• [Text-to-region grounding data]

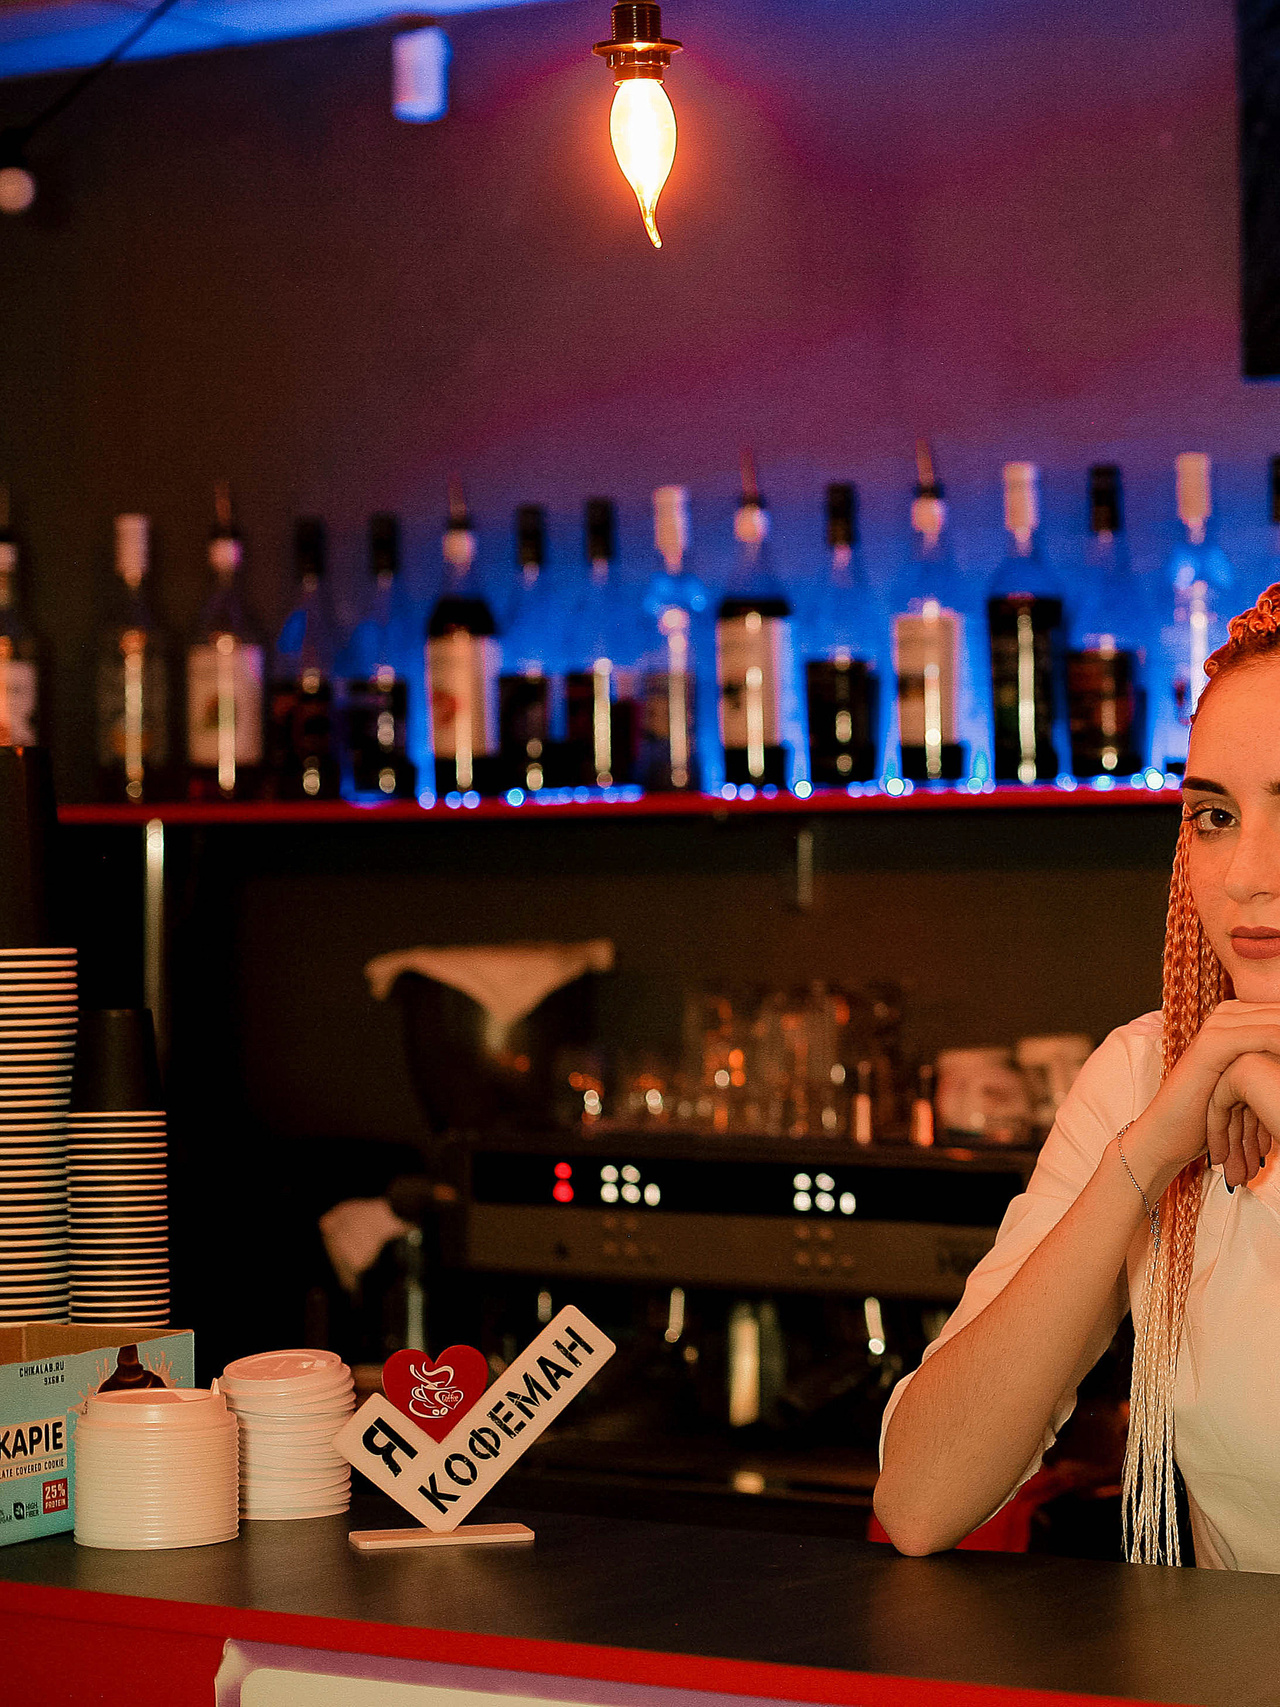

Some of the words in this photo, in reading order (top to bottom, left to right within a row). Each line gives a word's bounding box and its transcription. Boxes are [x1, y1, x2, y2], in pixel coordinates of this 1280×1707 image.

[19, 1360, 65, 1378] CHIKALAB.RU
[417, 1325, 595, 1515] КОФЕМАН
[361, 1416, 419, 1479] Я
[15, 1462, 42, 1476] COVERED
[44, 1457, 65, 1471] COOKIE
[44, 1482, 67, 1500] 25%
[26, 1501, 39, 1511] HIGH
[44, 1498, 67, 1510] PROTEIN
[26, 1509, 40, 1519] FIBER

• [INSTRUCTIONS TO FOLLOW]
Reproduce the data in full. Do not carry over any picture.

• [ANSWER SECTION]
Some of the words in this photo, in reading order (top to bottom, left to right within a row). Each line gives a word's bounding box and its transcription. Boxes are [x1, y1, x2, y2], in pixel coordinates of this 1280×1707 image.

[19, 1360, 65, 1378] CHIKALAB.RU
[417, 1325, 595, 1515] КОФЕМАН
[361, 1416, 419, 1479] Я
[15, 1462, 42, 1476] COVERED
[44, 1457, 65, 1471] COOKIE
[44, 1482, 67, 1500] 25%
[26, 1501, 39, 1511] HIGH
[44, 1498, 67, 1510] PROTEIN
[26, 1509, 40, 1519] FIBER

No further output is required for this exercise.